• Image-backed grounding data
==========

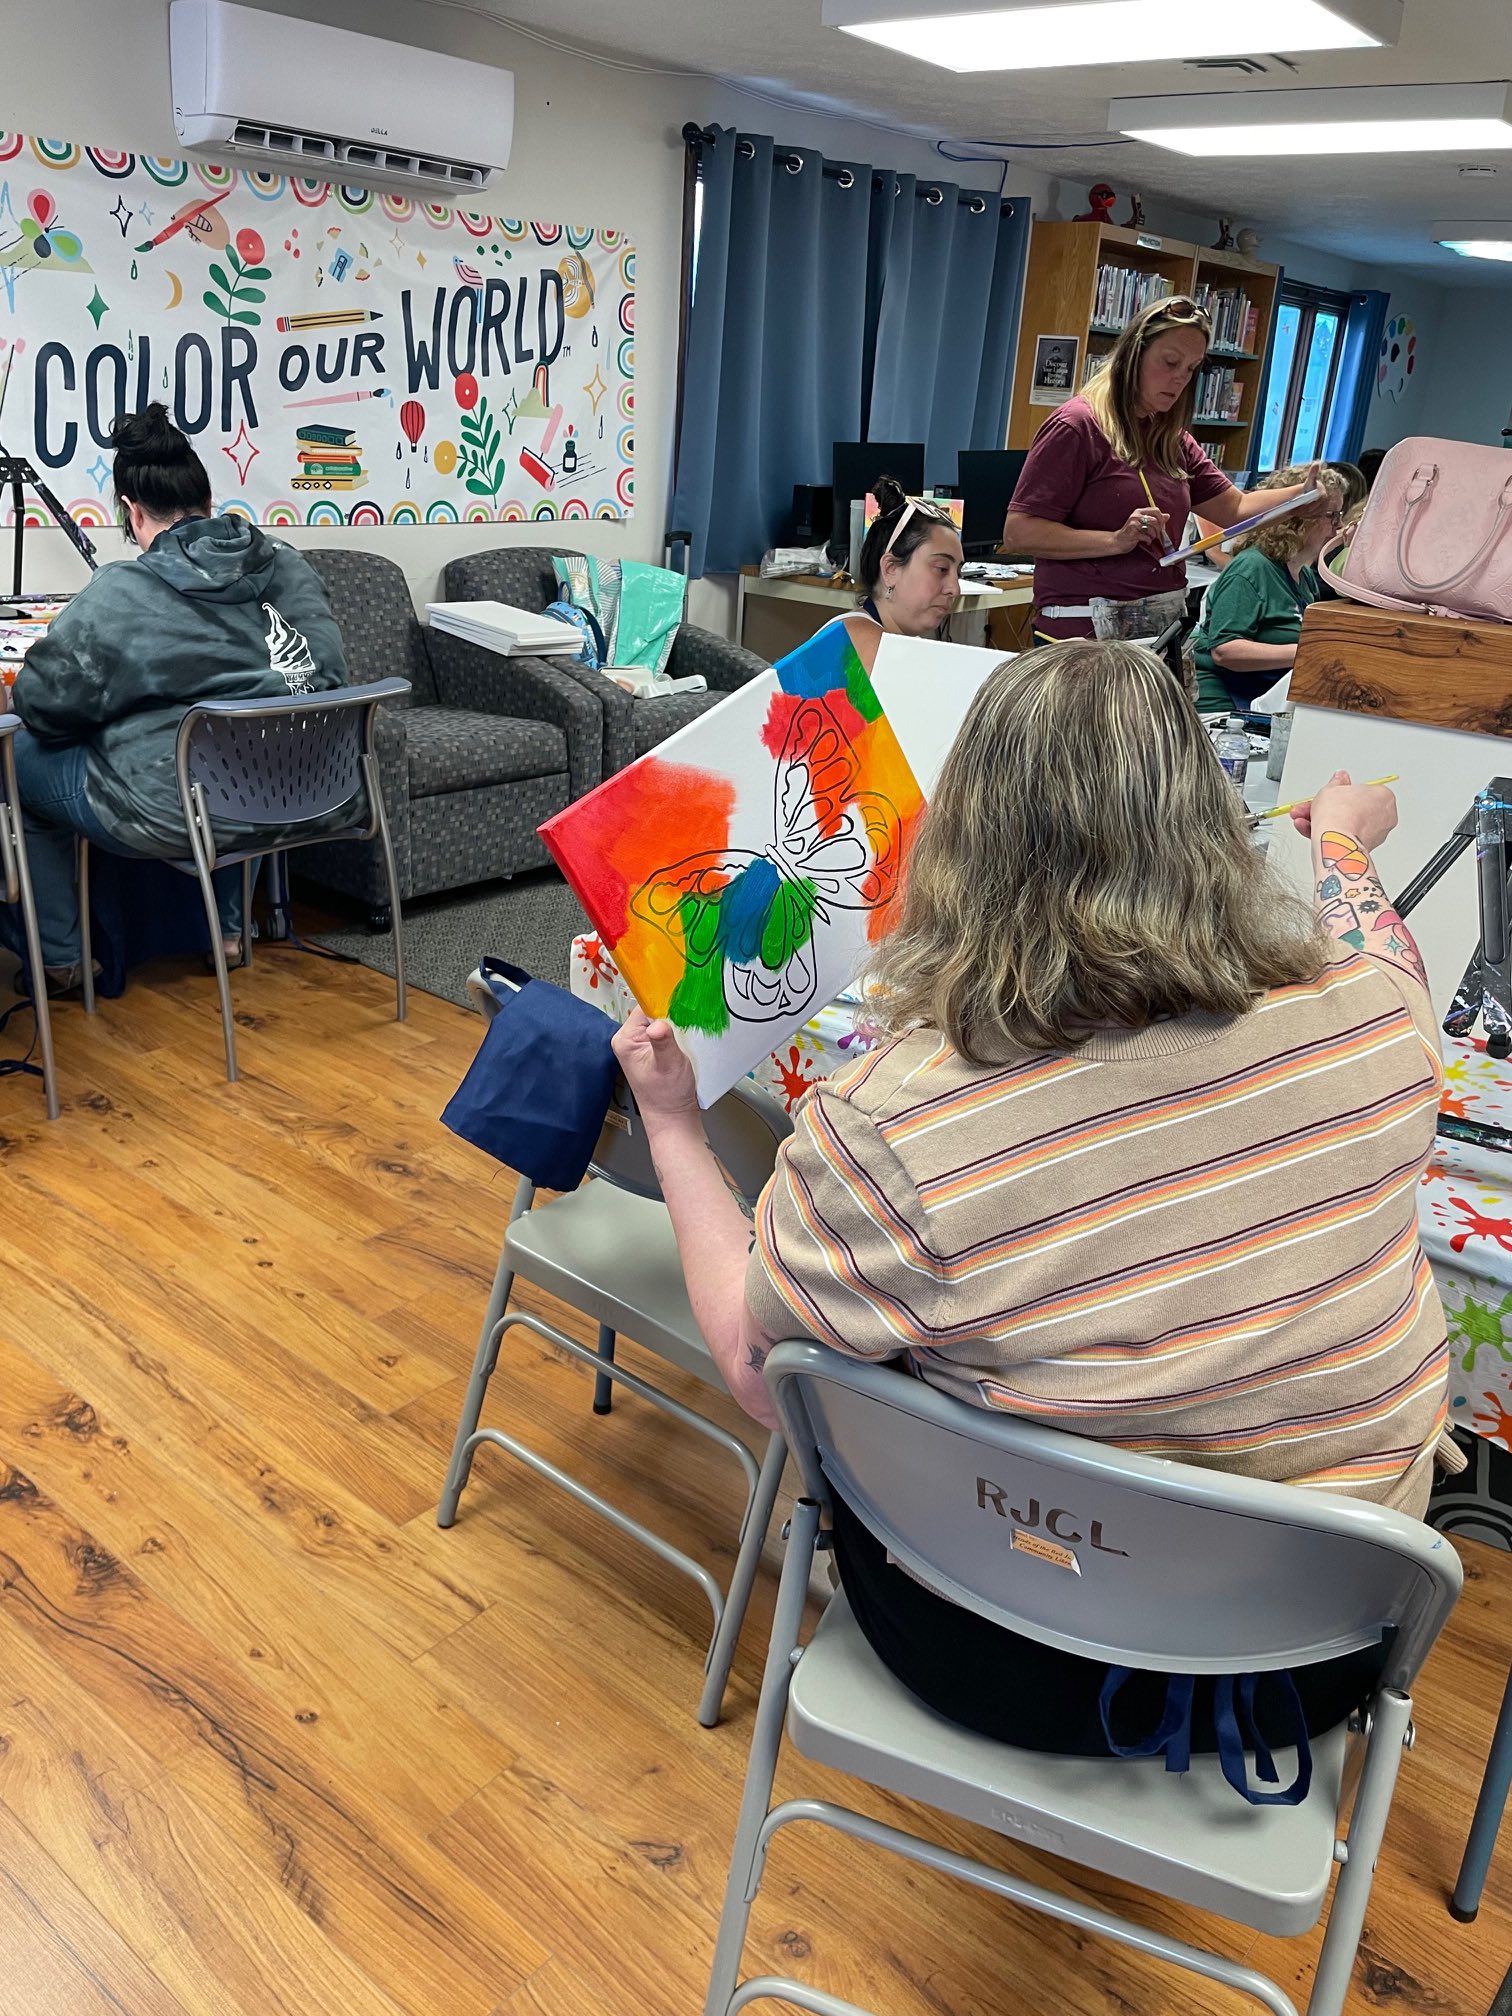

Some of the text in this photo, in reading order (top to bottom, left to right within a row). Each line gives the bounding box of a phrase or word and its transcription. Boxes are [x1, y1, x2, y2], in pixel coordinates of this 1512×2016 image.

[34, 326, 259, 469] COLOR
[278, 332, 386, 392] OUR
[401, 269, 565, 394] WORLD
[976, 1476, 1132, 1558] RJCL
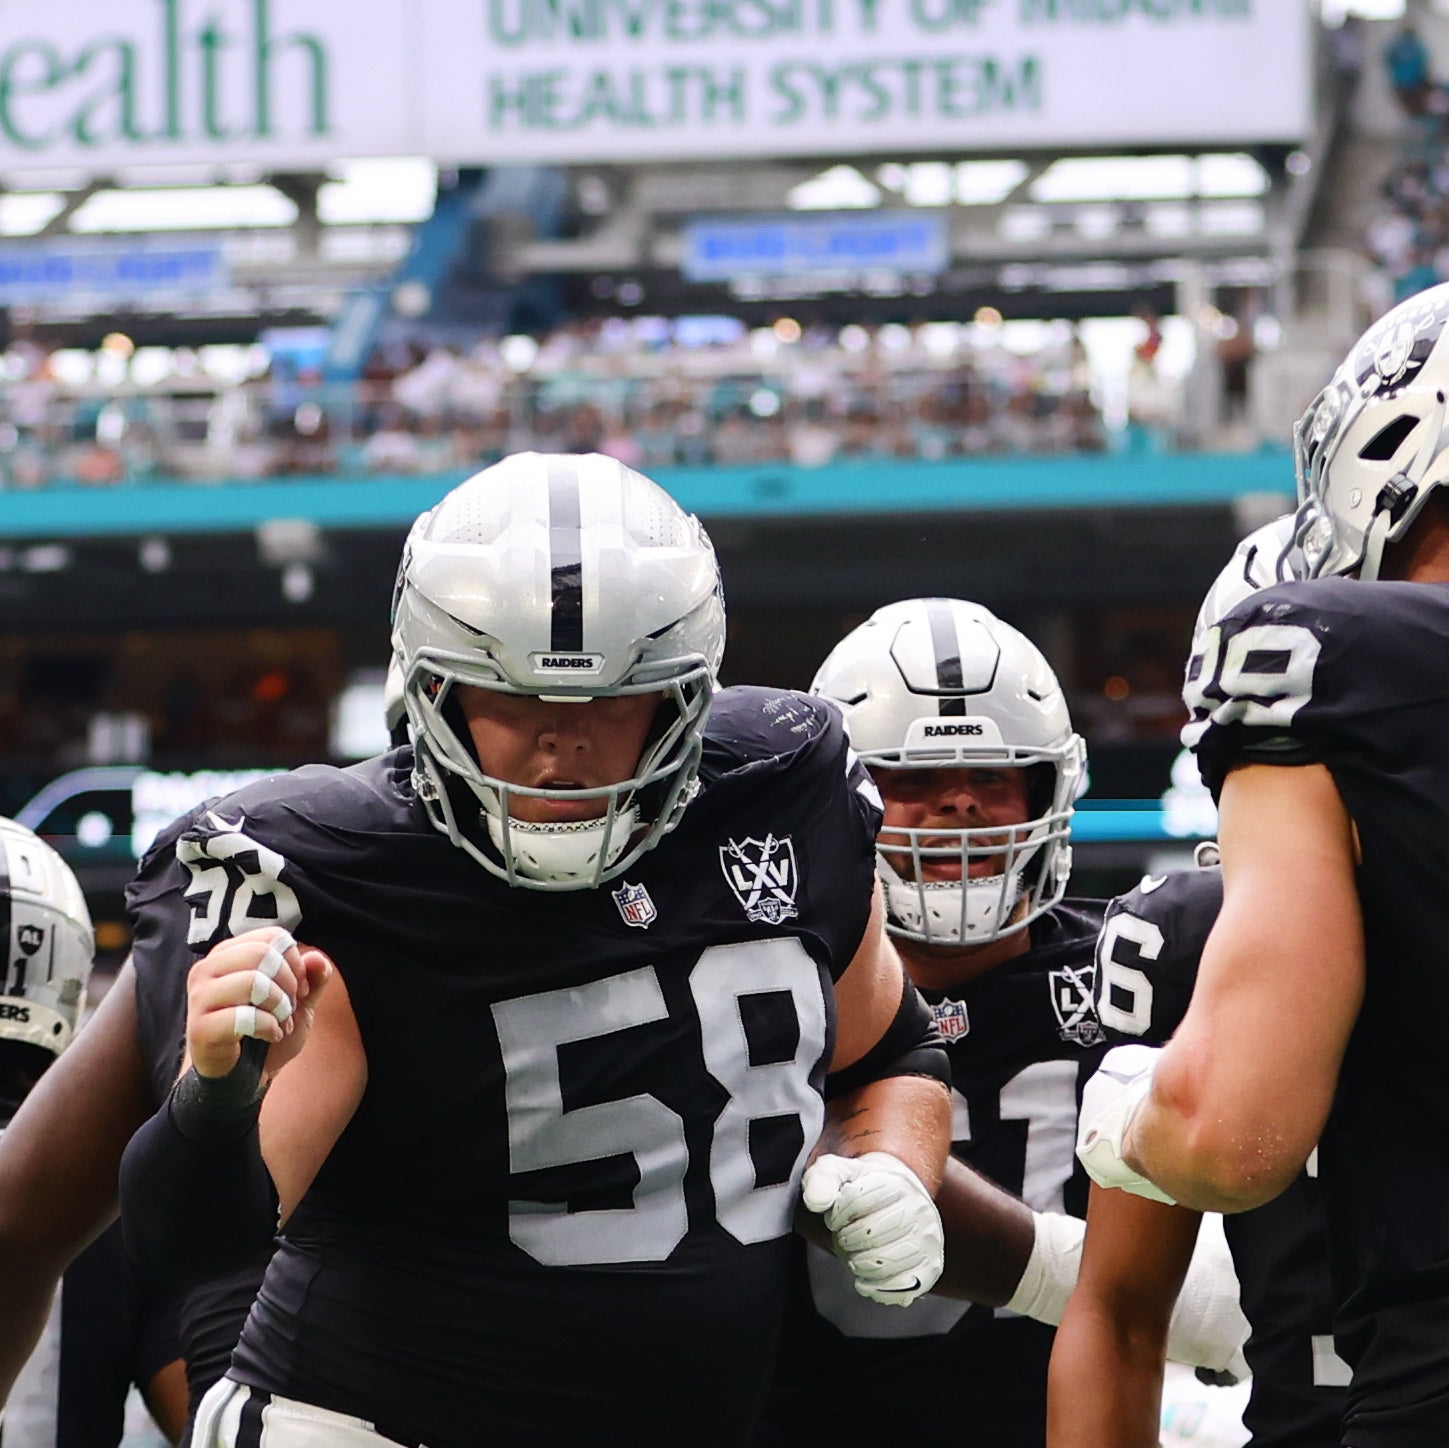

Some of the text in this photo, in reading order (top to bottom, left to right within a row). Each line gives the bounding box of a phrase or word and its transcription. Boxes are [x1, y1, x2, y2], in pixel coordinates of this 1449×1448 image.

[489, 0, 883, 47] UNIVERSITY
[910, 0, 997, 36] OF
[488, 56, 1042, 131] HEALTH SYSTEM
[542, 657, 594, 668] RAIDERS
[924, 724, 984, 737] RAIDERS
[176, 832, 304, 945] 58
[731, 858, 791, 892] LXV
[623, 901, 653, 922] NFL
[940, 1018, 968, 1036] NFL
[489, 936, 827, 1267] 58
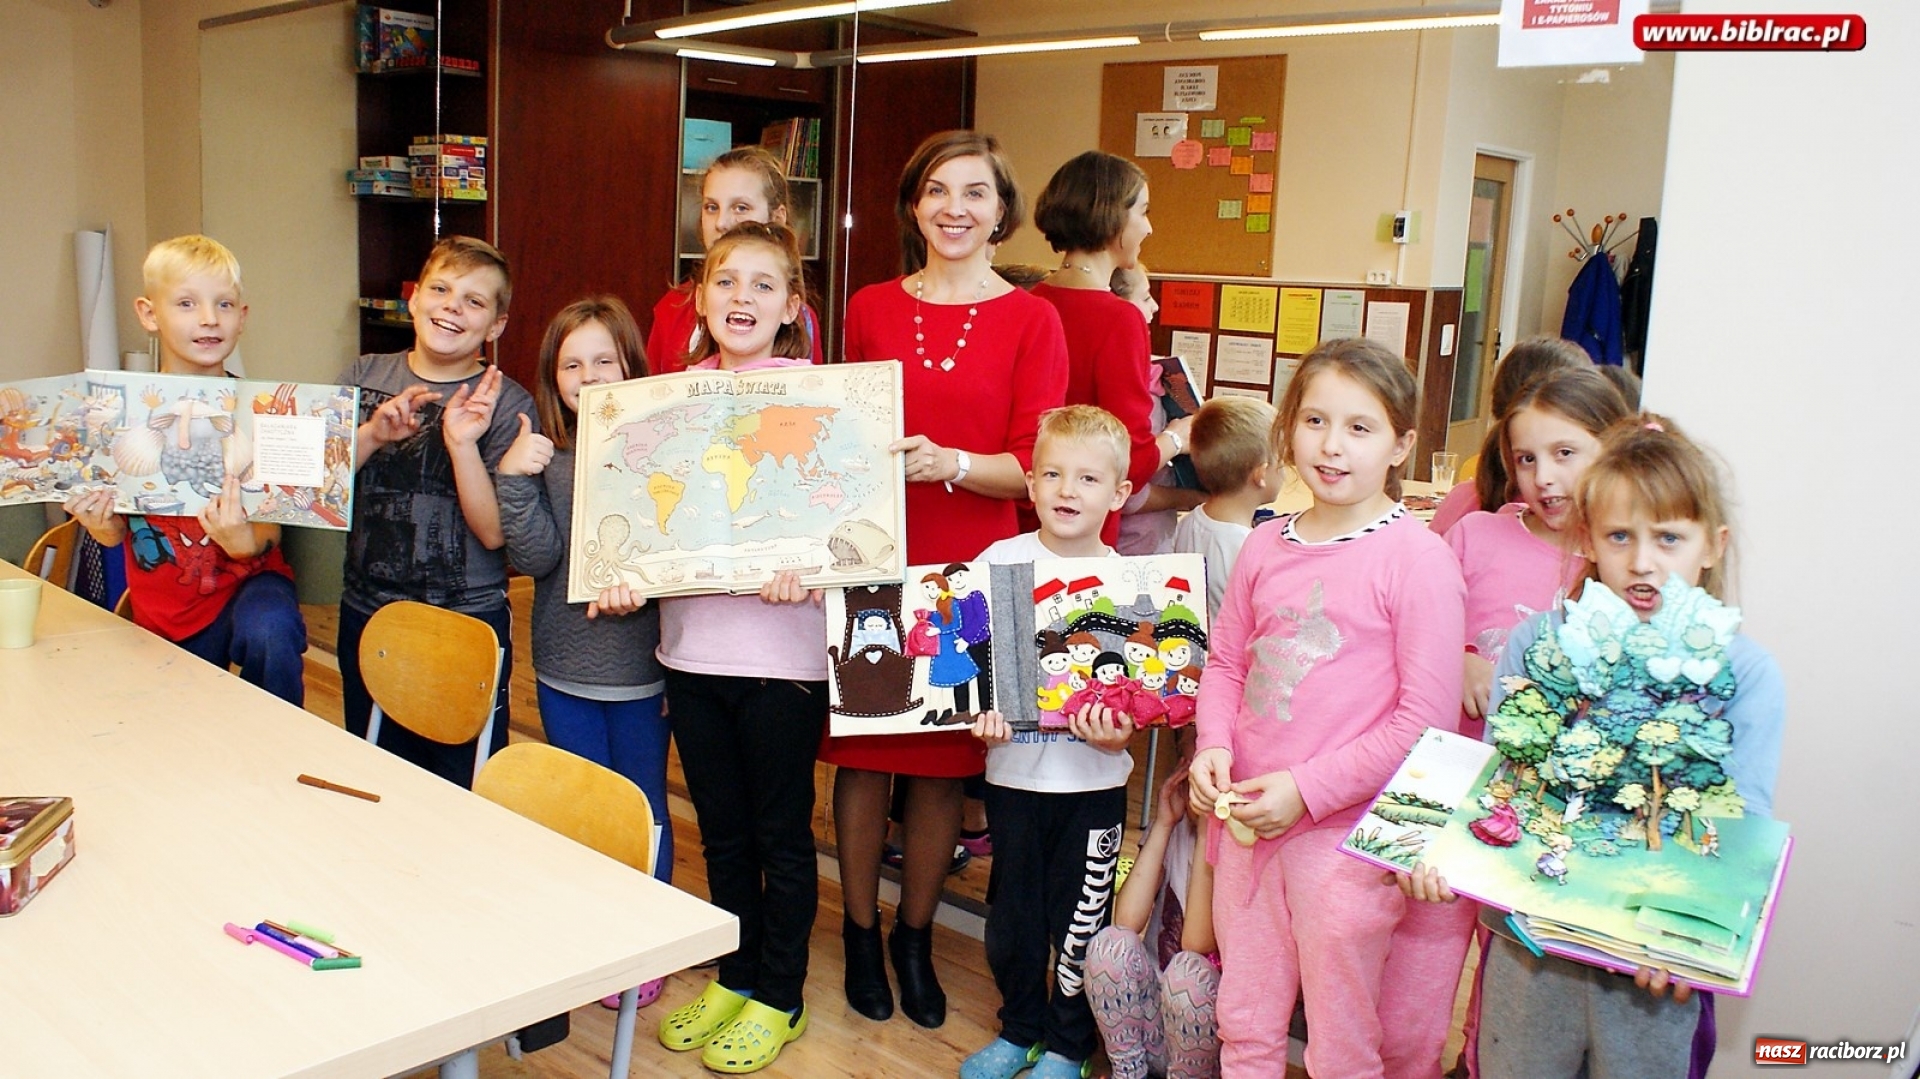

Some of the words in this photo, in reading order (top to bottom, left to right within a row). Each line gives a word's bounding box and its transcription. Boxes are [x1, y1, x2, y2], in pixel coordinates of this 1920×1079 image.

==========

• What you should do
Each entry, word for word, belongs in your answer; each picture does not.

• Answer space
Some of the text in this photo, in reading order (top to bottom, left to right within a row). Each line gives the bounding box of a phrase or word and its transcription. Boxes are [x1, y1, x2, y2], in pixel coordinates of this 1512×2016 image.

[34, 326, 259, 469] COLOR
[278, 332, 386, 392] OUR
[401, 269, 565, 394] WORLD
[976, 1476, 1132, 1558] RJCL

Some of the text in this photo, in reading order (top to bottom, left to right within a row). Each line gives the bounding box of a phrase or word and its transcription. Boxes are [x1, y1, x2, y2], in pixel coordinates of this 1449×1448 image.

[489, 0, 883, 47] UNIVERSITY
[910, 0, 997, 36] OF
[488, 56, 1042, 131] HEALTH SYSTEM
[542, 657, 594, 668] RAIDERS
[924, 724, 984, 737] RAIDERS
[176, 832, 304, 945] 58
[731, 858, 791, 892] LXV
[623, 901, 653, 922] NFL
[940, 1018, 968, 1036] NFL
[489, 936, 827, 1267] 58

Some of the words in this photo, in reading order (top to bottom, left to right within a row). Each line gives a word's bounding box and its transcription. Boxes are [x1, y1, x2, y2], in pixel coordinates of this 1920×1079 image.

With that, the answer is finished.